Electronic equipment and power supply device thereof

Technical Field

The present disclosure relates to electronic devices, and particularly to an electronic device and a power supply apparatus thereof.

Background

Along with the popularization of electronic equipment such as mobile phones, tablet computers and smart bracelets, people not only put forward demands on the use functions of the electronic equipment, but also put forward higher requirements on the portability of the electronic equipment, and the lightness and thinness of the electronic equipment have become a great trend to improve the market competitiveness of products.

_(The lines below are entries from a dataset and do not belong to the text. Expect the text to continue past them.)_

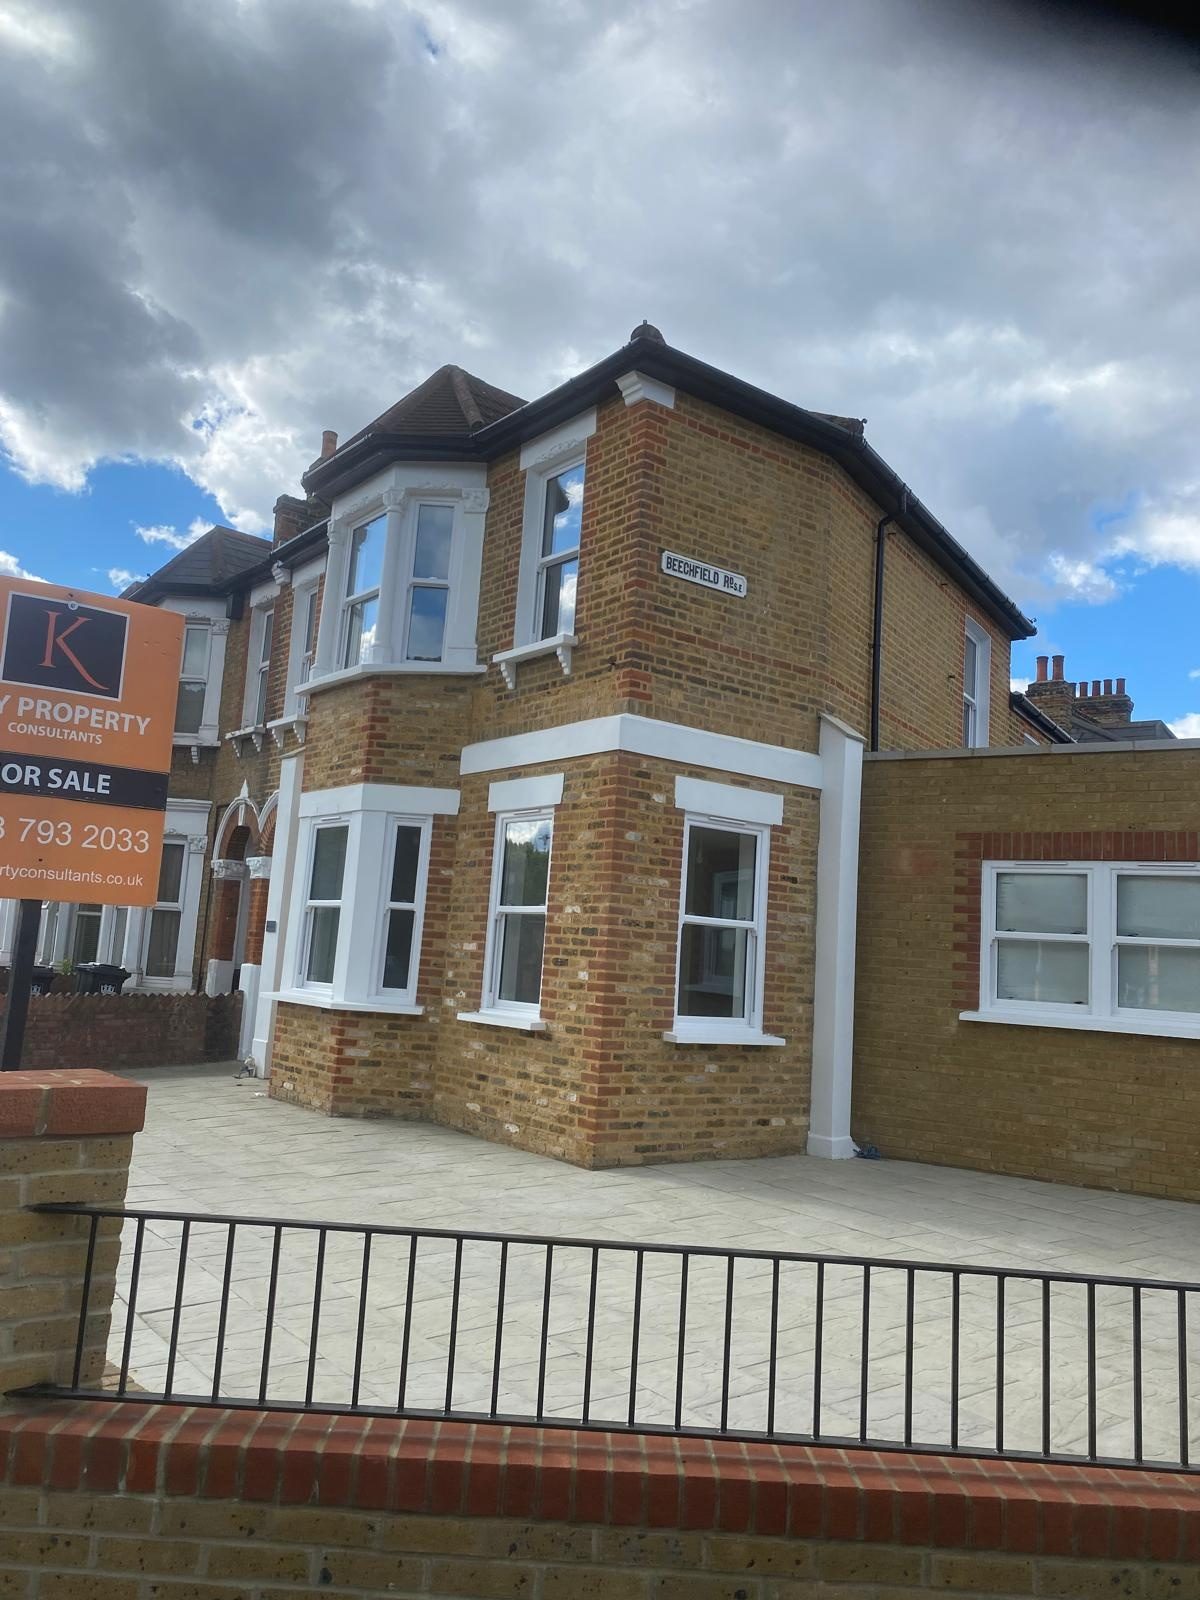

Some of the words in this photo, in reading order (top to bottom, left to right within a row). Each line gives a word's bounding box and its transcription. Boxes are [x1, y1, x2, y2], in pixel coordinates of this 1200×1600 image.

[666, 556, 719, 585] BEECHFIELD
[38, 610, 110, 690] K
[17, 696, 151, 736] PROPERTY
[8, 722, 103, 745] CONSULTANTS
[1, 763, 41, 787] OR
[47, 768, 111, 795] SALE
[18, 817, 73, 846] 793
[81, 824, 150, 854] 2033
[0, 863, 144, 887] rtyconsultants.co.uk

However, as electronic devices are thinned, the capacity of the battery is gradually compressed, resulting in poor cruising ability, and in order to obtain a larger battery capacity, the whole volume of the electronic device must be increased, which results in the electronic device being too heavy, not favorable for thinning and carrying the electronic device.

Disclosure of Invention

Aiming at how to realize the miniaturization of the volume of the electronic equipment and simultaneously improve the cruising ability of the electronic equipment, the application provides a power supply device and the electronic equipment comprising the power supply device.

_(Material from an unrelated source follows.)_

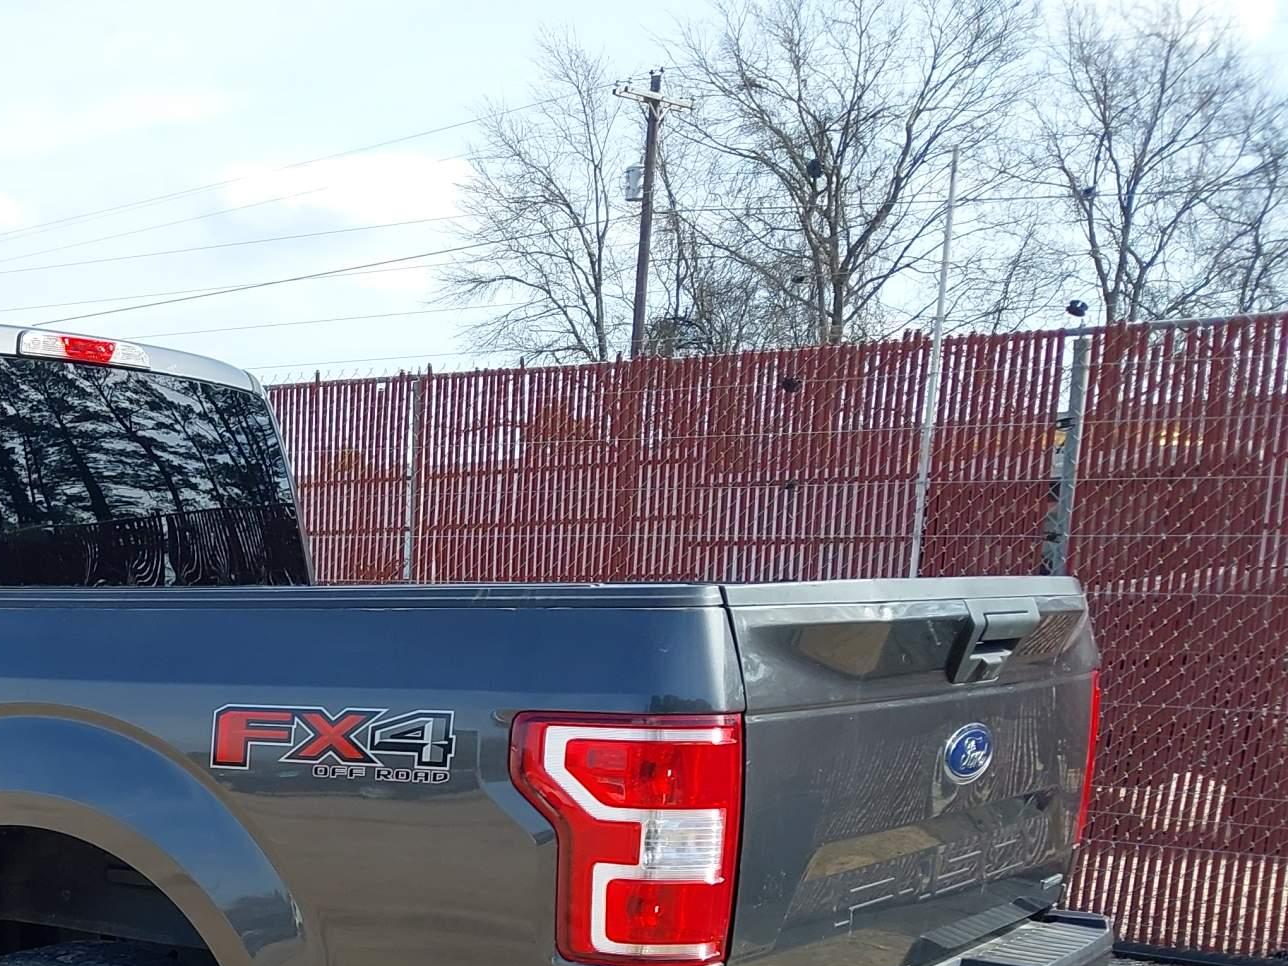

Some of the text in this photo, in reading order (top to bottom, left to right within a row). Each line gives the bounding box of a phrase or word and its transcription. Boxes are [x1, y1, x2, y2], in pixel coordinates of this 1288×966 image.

[210, 704, 455, 769] FX4
[312, 765, 450, 783] OFF ROAD

The application provides a power supply apparatus, including:

a transmission shaft is arranged on the transmission shaft,

the swinging rudder is connected with the transmission shaft, the gravity center of the swinging rudder deviates from the axis of the transmission shaft, and the swinging rudder is used for driving the transmission shaft to rotate during swinging;

the first transmission wheel and the second transmission wheel are both connected with the transmission shaft, when the rudder piece drives the transmission shaft to rotate towards a first direction, the transmission shaft can only drive the first transmission wheel to rotate, when the rudder piece drives the transmission shaft to rotate towards a second direction, the transmission shaft can only drive the second transmission wheel to rotate towards the second direction, and the first direction is opposite to the second direction;

the rotating wheel comprises a first transmission part and a second transmission part, the first transmission part is in linkage connection with the first driving wheel, the second transmission part is in linkage connection with the second driving wheel, and the rotating direction of the rotating wheel driven by the first driving wheel is the same as the rotating direction of the rotating wheel driven by the second driving wheel; and

the power generation module comprises a magnet and a coil, one of the coil and the magnet is connected with the rotating wheel, and when the rotating wheel rotates, the coil performs cutting magnetic induction line movement in a magnetic field of the magnet to generate current.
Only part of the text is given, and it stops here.